Imagine trying to fix machinery while you’re orbiting Earth, with the Sun pelting you with rays, space dust flying all around, and your only source of oxygen strapped to your back. That’s what astronauts on spacewalks experience, and they do it all in 280 pound spacesuits. Of course, thanks to a lack of gravity, weightlessness makes the cumbersome suits a little less problematic, but it’s still no easy task to maneuver in one. Why make them so heavy in the first place?
1. They contain life support, a water tank, and SAFER system.
Spacesuits need to do a lot of things, all in the name of keeping astronauts alive. Part of the spacesuit is a backpack containing a life support system that provides oxygen and removes carbon dioxide, a water tank to circulate water through tubes in a liquid cooling garment, and the SAFER system which contains thrusters to help astronauts get back to safety if they begin to drift too far away.

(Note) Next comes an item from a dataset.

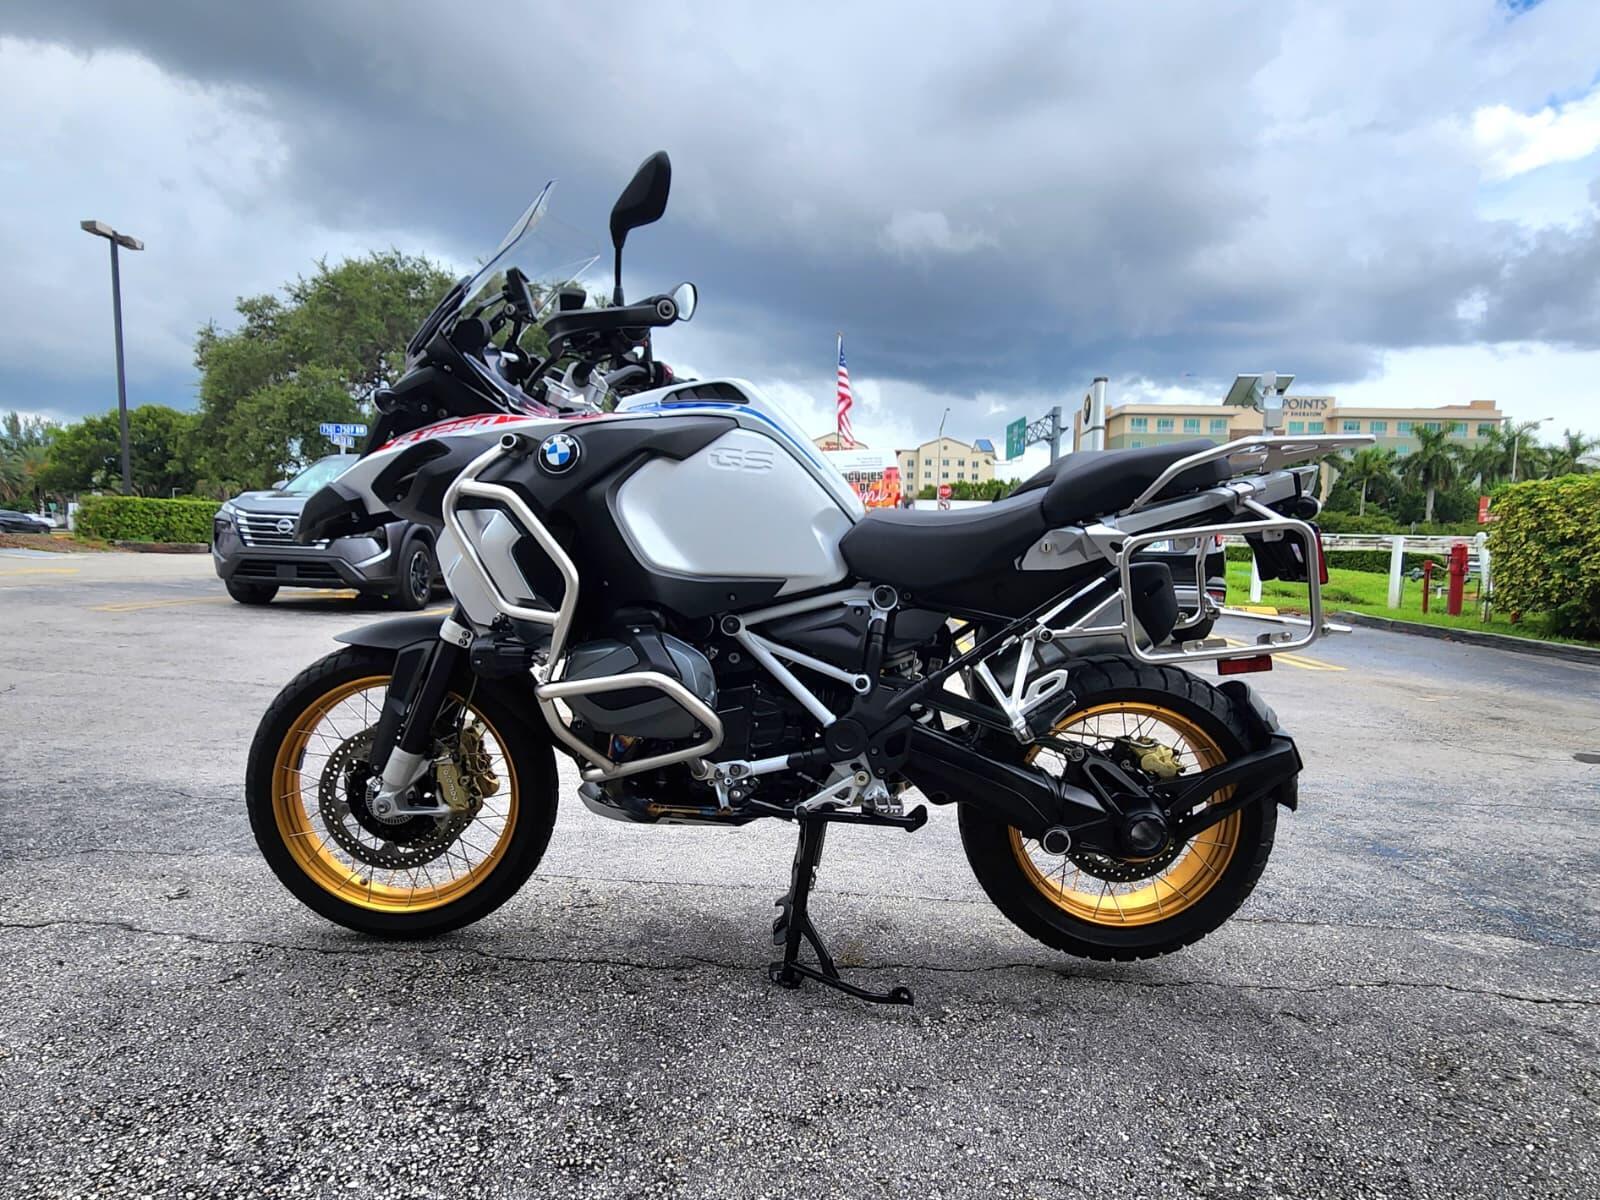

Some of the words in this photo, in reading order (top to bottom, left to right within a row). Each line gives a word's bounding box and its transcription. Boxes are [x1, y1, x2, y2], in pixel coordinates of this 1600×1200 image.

2. The materials have to protect against a range of dangers.
Lightweight materials just won’t cut it out in space. To protect against intense radiation, extreme temperatures, and rapidly accelerating space dust, thick layers and hard outer shells are required. Altogether, astronauts wear an undergarment layer, upper torso shell, lower torso, helmet, and extra-vehicular visor. Every piece is necessary to keep them safe.
3. They don’t weigh so much in space.
Remember that weight is a measurement of how much force gravity is exerting on something. So, on Earth you weigh more than you would on the Moon, as does a spacesuit. Less cumbersome designs may be created one day, but current spacesuits have done their job for quite some time and are likely to continue working far into the future.